Crude Oil Price
iNVEZZ.com, Monday, June 9: Ministers from the Organization of the Petroleum Exporting Countries (OPEC), which produces about 40 percent of the world’s oil, are expected to leave their oil-production level unchanged in their meeting on June 11 in Vienna. In a Bloomberg survey 22 of the 23 analysts polled made a similar prediction. What might have to change, however, is Saudi Arabia’s production quota within the cartel, as it will have to increase output to record levels to counteract supply shortfalls.
"I don't see anything changing in terms of the 30 million barrels-per-day target," an unnamed OPEC source told Reuters. "It should be a fairly relaxed meeting."
"It should be a very quick meeting," Bill Farren-Price, head of energy consultancy Petroleum Policy Intelligence, told AFP.
Six months ago, energy analysts predicted OPEC output would be too high and that Saudi Arabia would have to decrease its production to accommodate other suppliers. As crude production from Libya, Iran and Iraq failed to rise as expected, and industrialised nations’ inventories slumped to their lowest levels since 2008, these predictions had to be revised.
According to Energy Aspects Ltd, a consultant, in an interview with Bloomberg, Saudi Arabia may have to produce a record 11 million barrels a day by December to compensate for the slowdown from other producers.

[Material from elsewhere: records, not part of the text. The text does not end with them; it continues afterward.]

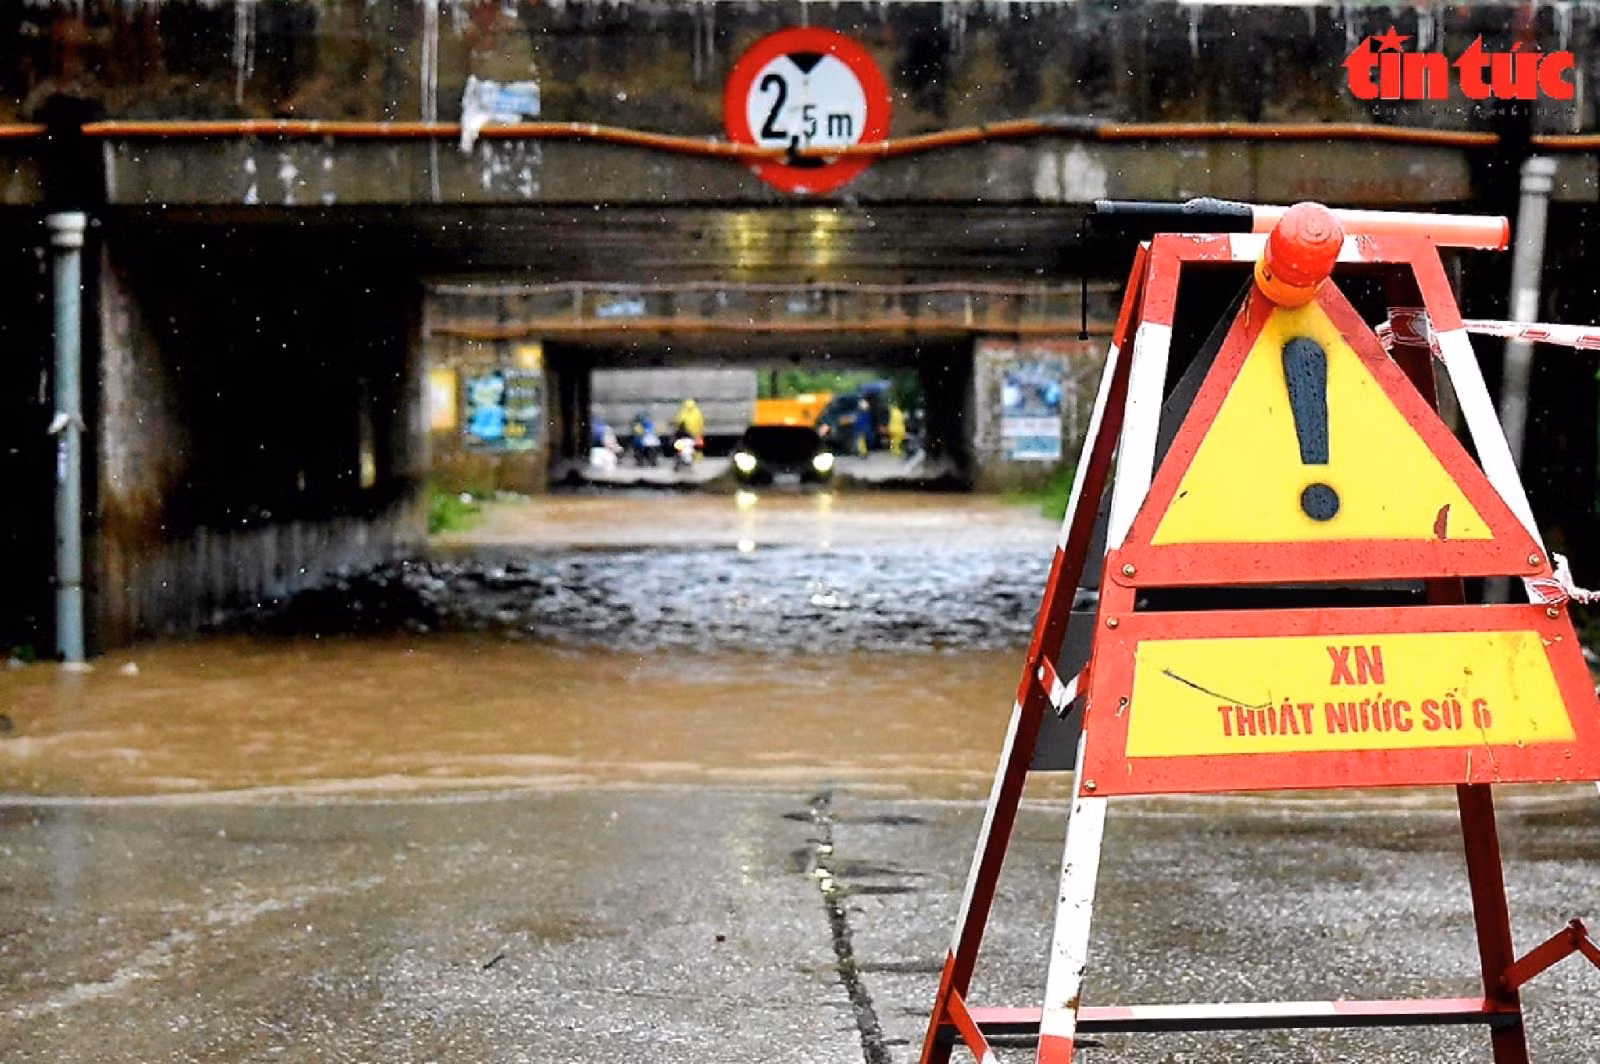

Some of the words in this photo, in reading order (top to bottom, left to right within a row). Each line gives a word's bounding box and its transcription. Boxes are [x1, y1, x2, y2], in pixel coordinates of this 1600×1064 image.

[827, 113, 854, 137] m
[1326, 645, 1385, 685] XN
[1217, 697, 1315, 737] THOÁT
[1324, 692, 1414, 734] NƯỚC
[1421, 688, 1463, 731] SỐ
[1471, 697, 1493, 729] 6

“Now it’s not whether the Saudis will make room, but whether they’ll keep it going and maintain enough spare capacity,” Jamie Webster, a Washington-based analyst at IHS Inc., an industry researcher, told Bloomberg. “OPEC is increasingly having a hard time just doing its job of bringing all the barrels needed,” he added.

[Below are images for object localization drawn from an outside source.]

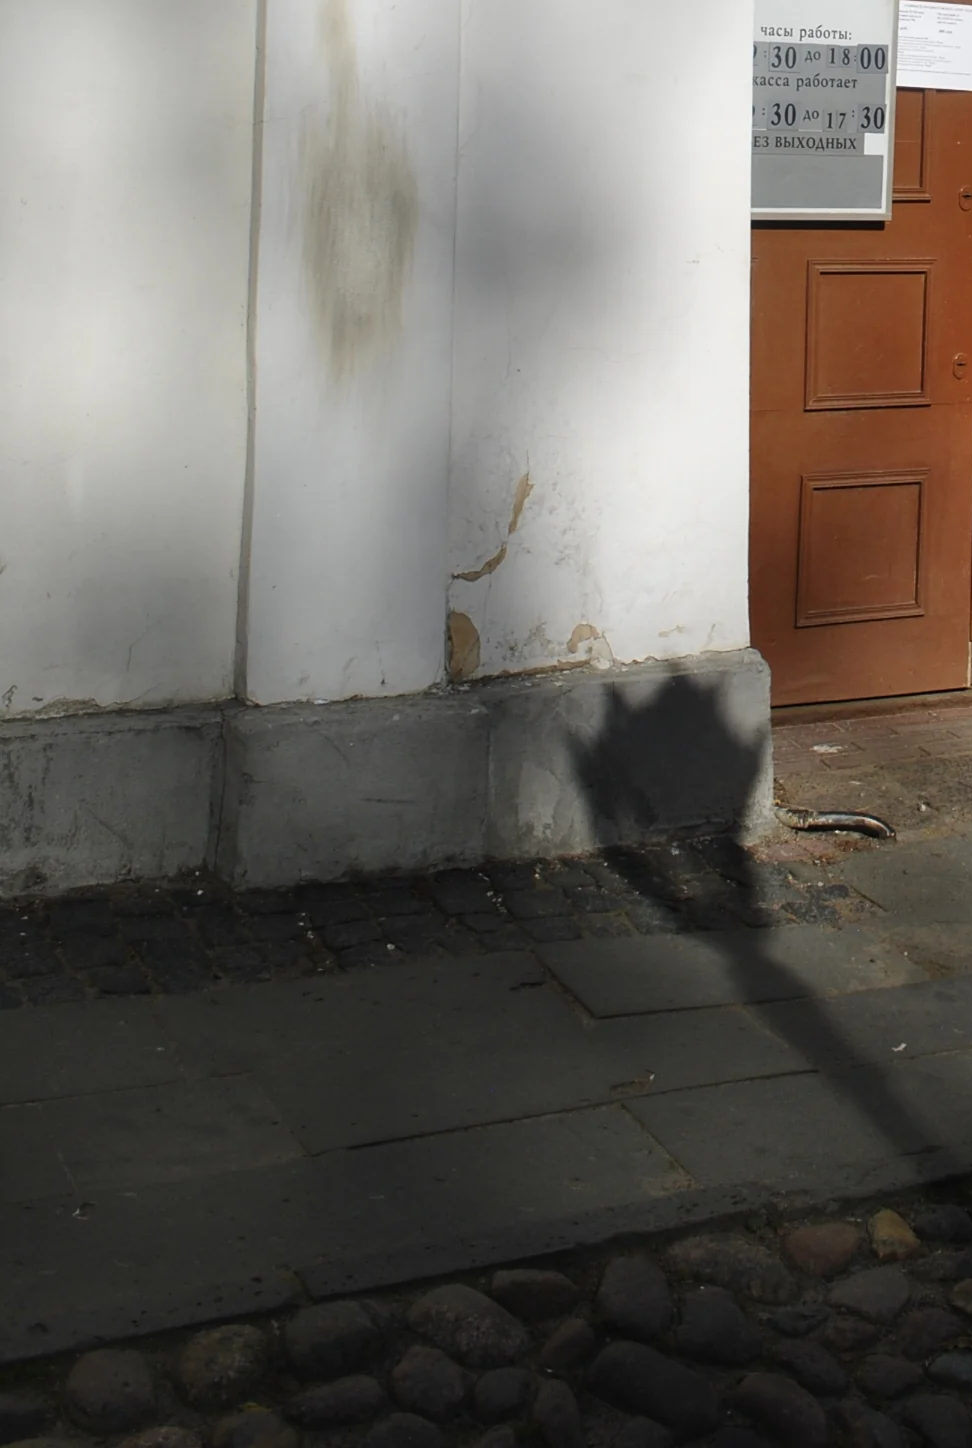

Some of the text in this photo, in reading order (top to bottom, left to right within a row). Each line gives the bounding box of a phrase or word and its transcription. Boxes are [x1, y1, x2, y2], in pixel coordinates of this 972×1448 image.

[760, 24, 852, 41] часы работы:
[804, 50, 821, 63] до
[796, 72, 858, 91] работает
[803, 109, 820, 121] до
[775, 136, 857, 151] ВЫХОДНЫХ

Although US production is close to a three-decade peak, largely because of the shale revolution, supply in other parts of the world is waning. Political turmoil in Libya, home to Africa’s largest reserves, have reduced it to OPEC’s smallest producer. Pipeline attacks in Iraq, and the prolonged sanctions on Iran have prevented either country from reaching its potential output capacity. In addition, export bans on US crude prevent its record supply levels from reaching the global market.

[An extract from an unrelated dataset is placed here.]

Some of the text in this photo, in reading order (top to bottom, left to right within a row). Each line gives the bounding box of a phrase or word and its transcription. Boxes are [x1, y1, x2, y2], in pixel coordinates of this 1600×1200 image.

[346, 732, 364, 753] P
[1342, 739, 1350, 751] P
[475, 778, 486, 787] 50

"It is probably only due to the shale boom and the continuing perception that it will be sustained that oil prices have not broken out to the upside," David Wech from JBC Energy, told Reuters. "In the short term, not much is pointing towards a change in fortunes for OPEC," he added.
The International Energy Agency predicted on May 15 the need for a “significant rise in OPEC production” to be on par with demand of up to 30.7 million barrels a day in the second half of 2014. Oil stockpiles in advanced economies stood at 2.62 billion barrels in April, their lowest level for that month since 2008. It would be “a Herculean task for [OPEC] to surmount given that production has been below 30 million barrels a day for the last five months,” Energy Aspects said in a May 27 note, according to Bloomberg.
During OPEC’s last meeting, Iraq had planned to increase its output by 30 percent in 2014 to 4 million barrels a day, Libya intended to return to its full daily capacity of almost 1.6 million barrels, while Iran was aiming for its highest output in five years, on temporary sanctions’ relief. All three countries failed to meet their targets. Iraq’s daily output has contracted eight percent since February, Libya’s is at one-tenth of capacity, and Iran’s output failed to pick up, while a resumption of sanctions is expected in July if a broader nuclear deal cannot be reached.